[INSTRUCTIONS FOR THE TASK]
Every entry that follows should be output exactly, and every image in it left out.

===

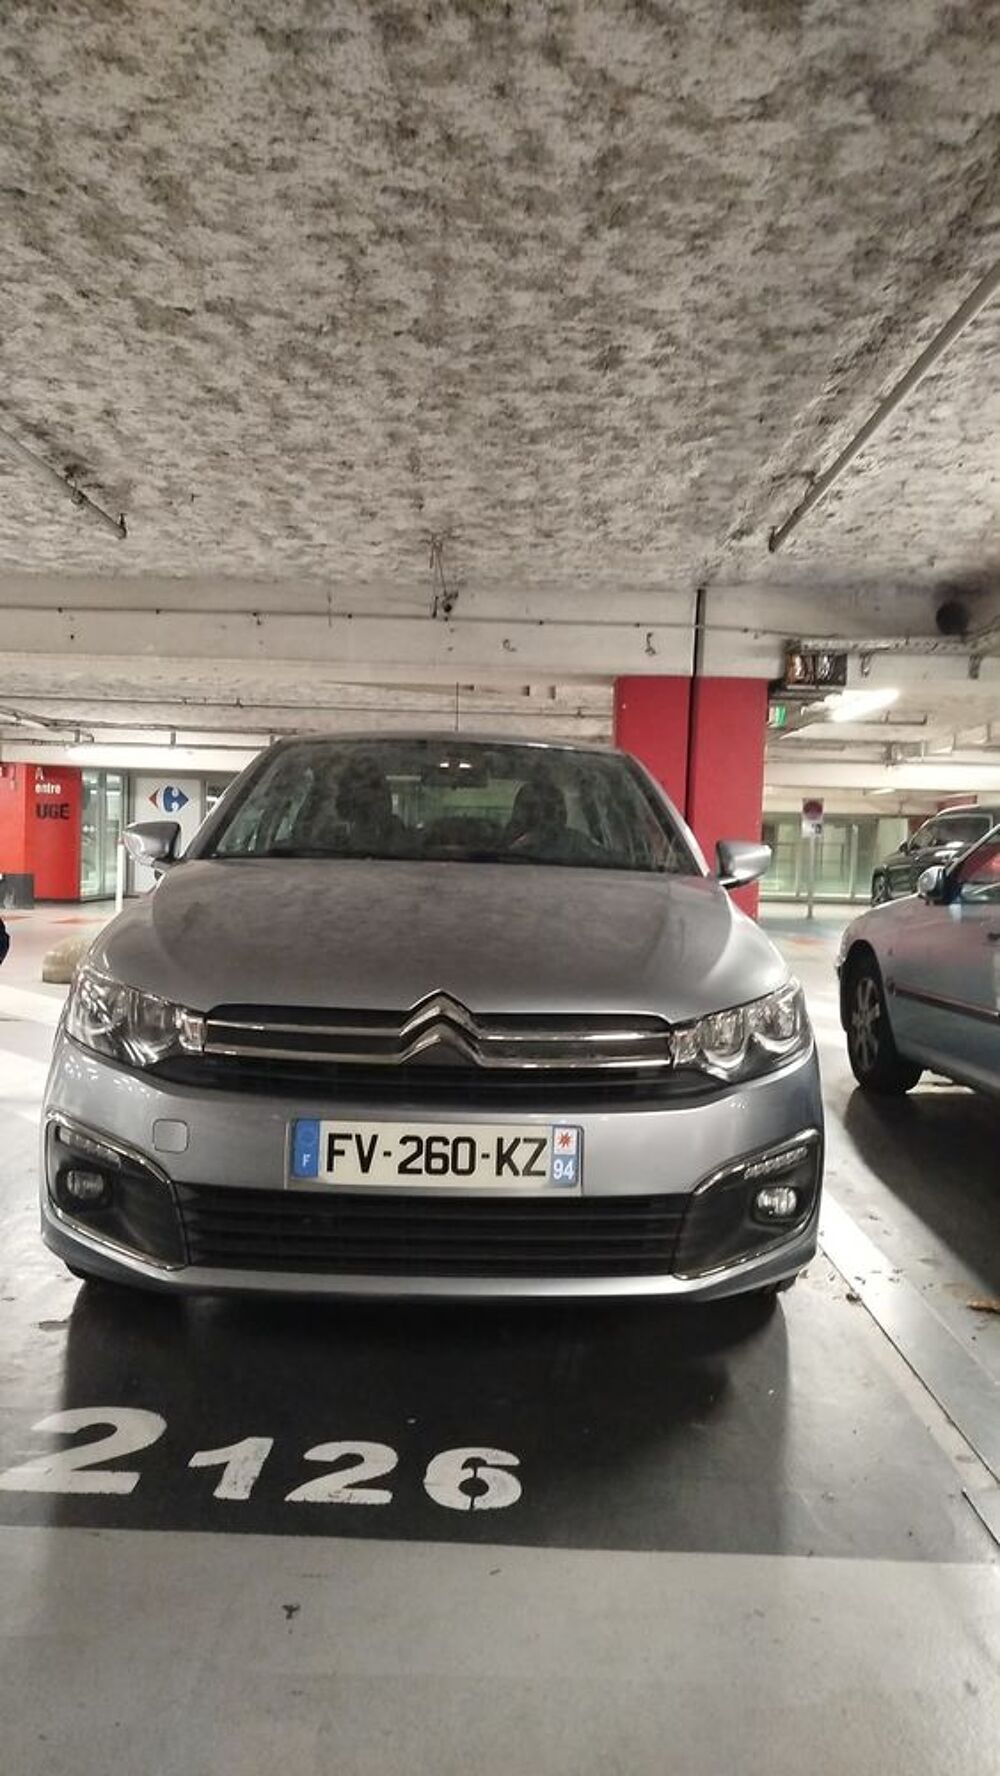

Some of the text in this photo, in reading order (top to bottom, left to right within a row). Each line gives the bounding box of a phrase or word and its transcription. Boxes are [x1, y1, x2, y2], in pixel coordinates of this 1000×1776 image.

[303, 1153, 311, 1167] F
[326, 1132, 548, 1177] FV-260-KZ
[553, 1159, 575, 1180] 94
[0, 1406, 523, 1510] 2126
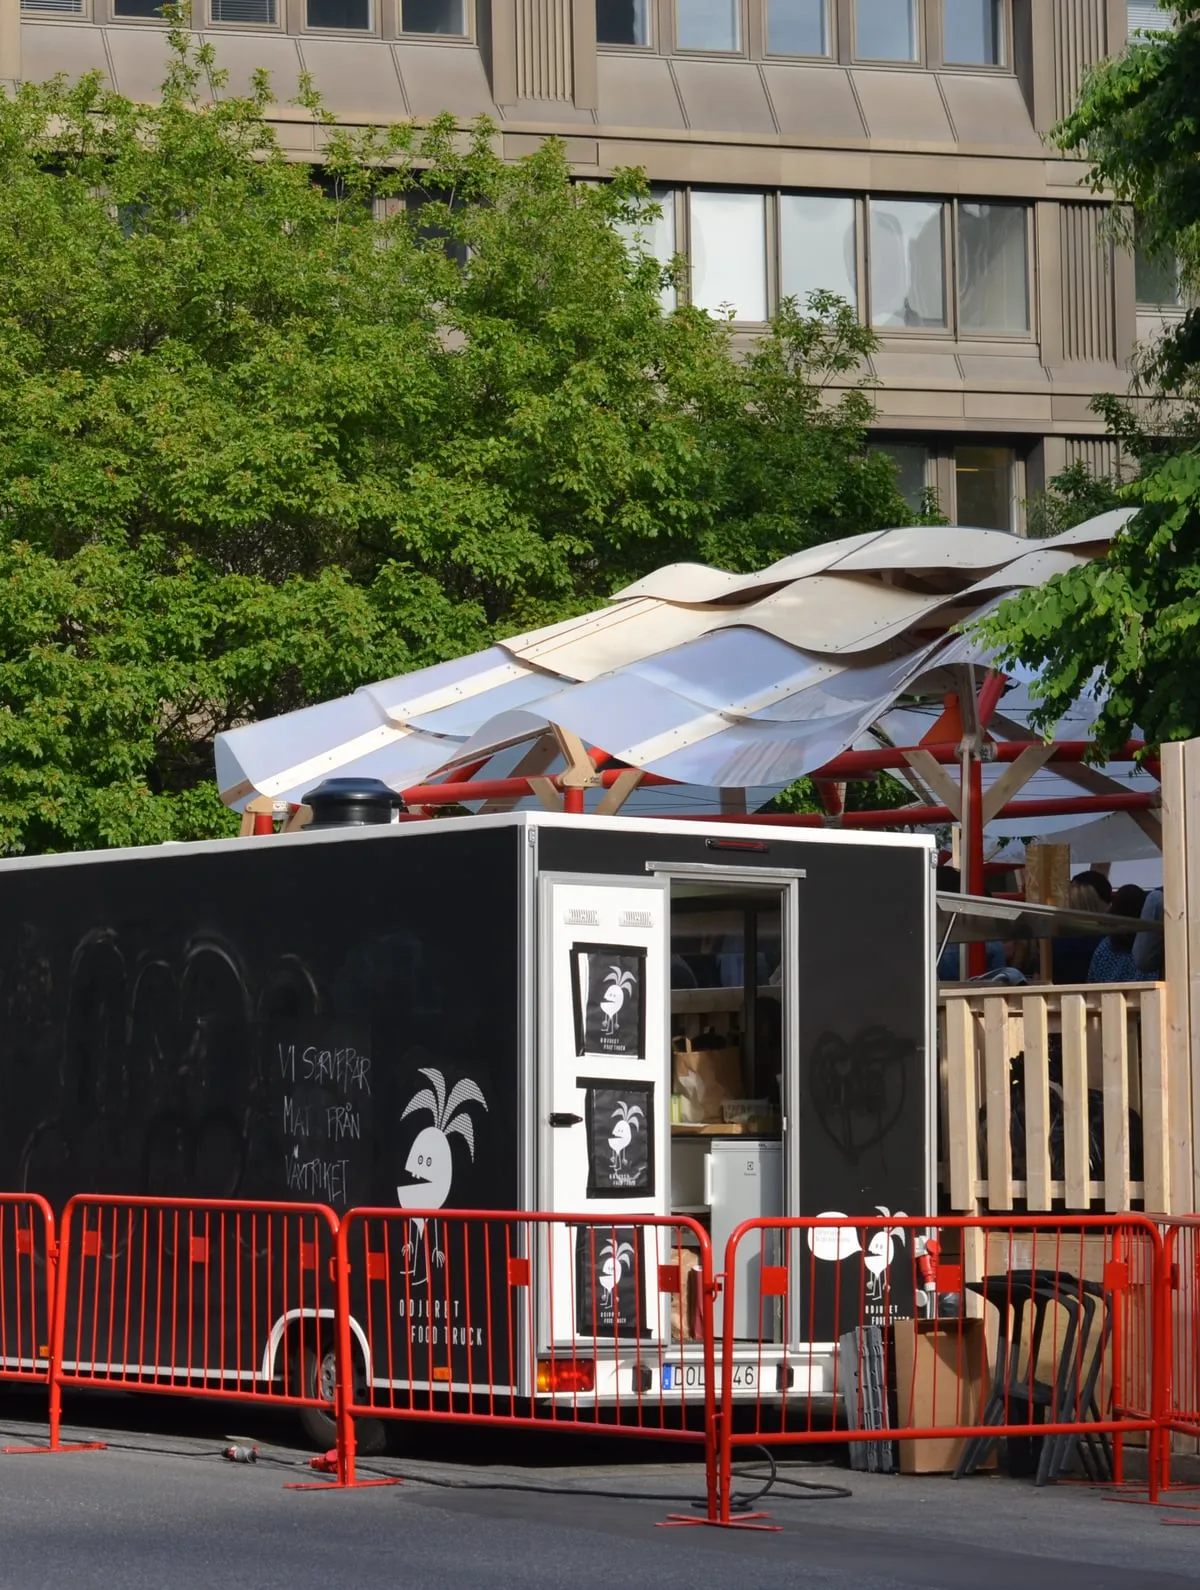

===

[EXERCISE ANSWER]
Some of the text in this photo, in reading order (top to bottom, left to right within a row). Each line gives the bounding box of a phrase or word and its transcription. Boxes are [x1, y1, x2, y2], in pixel coordinates of this 1000×1776 image.

[303, 1153, 311, 1167] F
[326, 1132, 548, 1177] FV-260-KZ
[553, 1159, 575, 1180] 94
[0, 1406, 523, 1510] 2126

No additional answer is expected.